第44章 giman 

「やはり、駄目でしたか・・・」

 弥刀は残念そうに肩を落とした。

「公園周辺の道に設置されている監視カメラは全て機能停止。何者かがハッキングしたみたいよ。残念ながら足取りは掴めない」

 スマホ越しに聞こえる蓮の声は、重く沈んでおり、落胆の色は隠せない。

「やっぱり、追跡すべきだったか・・・」

 弥刀が口惜しそうに唇を噛んだ。

「弥刀君、追わなくて正解よ。
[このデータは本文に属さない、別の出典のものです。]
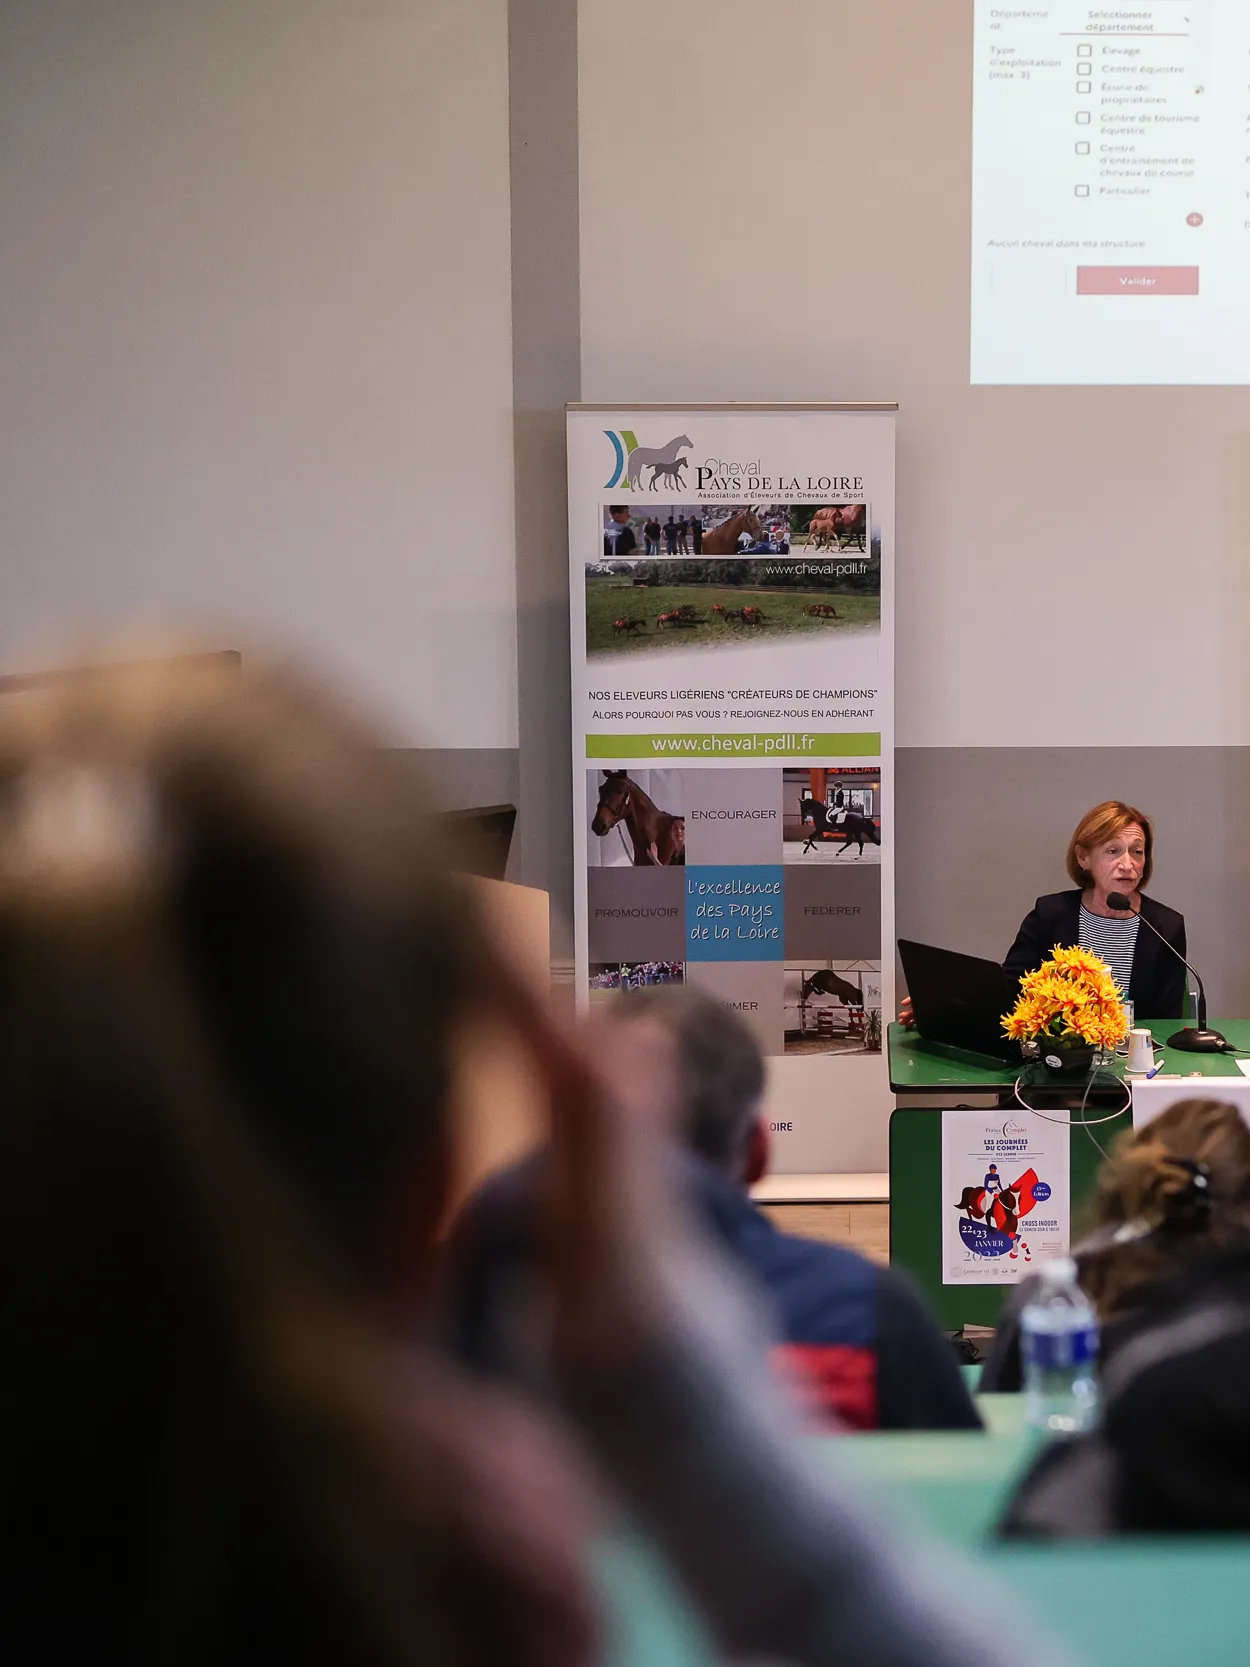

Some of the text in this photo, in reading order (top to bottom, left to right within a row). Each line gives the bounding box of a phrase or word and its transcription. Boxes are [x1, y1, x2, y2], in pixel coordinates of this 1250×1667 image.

照明弾で視力を奪われた状態で闇雲に進むのは、例えあなたでも危険よ」

 蓮は、後悔に沈む弥刀に慰めの言葉を掛けつつ、そう窘めた。

「あ、あれは? 」

 梶山が眼を見開いた。

 キッチンカーの陰から、ひょっこりと人影が現れたのだ。

 凜と望結、そして真堂の三人だった。

 真堂は肩に何か白っぽいものを肩に担いでいる。

 人だ。白いカッターシャツを着た上半身が、力無く垂れ下がっている。

「やあ、皆さん。一人は確保しましたよ」

 真堂は肩に背負っていた人物を地面に降ろした。

 雉田だった。

 瞼は閉じられ、身動ぎ一つしないで地面に横たわっている。

「突然、凄まじい光が弾けるのを見たんで、何事かと思って来たら、彼がひょっこり飛び出して来たんですよ」

 真堂は苦笑いを浮かべながらそう語った。

「私と望結は、公園の外周を歩いていたんですけど、閃光に気付いてこちらに向かったんです。そしたら、彼が眩い光の中から飛び出して来て、いきなり日本刀を振りかざして私達にかって来たんで、やむ無く眠らせました」

 凜が、淡々と事のいきさつを語った。

「瞬殺でした。死んでませんけど」

 と、望結が捕捉。

「これが、その日本刀。背中に隠し持っていたんですよ」

 真堂が左手に握った獲物を突きだして見せた。

 黒い鞘に収まった日本刀だ。ついさっき、弥刀の首を切り落とした凶刀だった。

「ちょうどそのタイミングで、蓮さんから弥刀君の報告の連絡が入ったので、私は他の刺客を追ったんですが、時すでに遅し。痕跡一つ残さず消え失せていました」

 真堂は申し訳なさげに眉を下げる。と、鹿沼の背後に立つ青年に気付くと目を大きく見開いた。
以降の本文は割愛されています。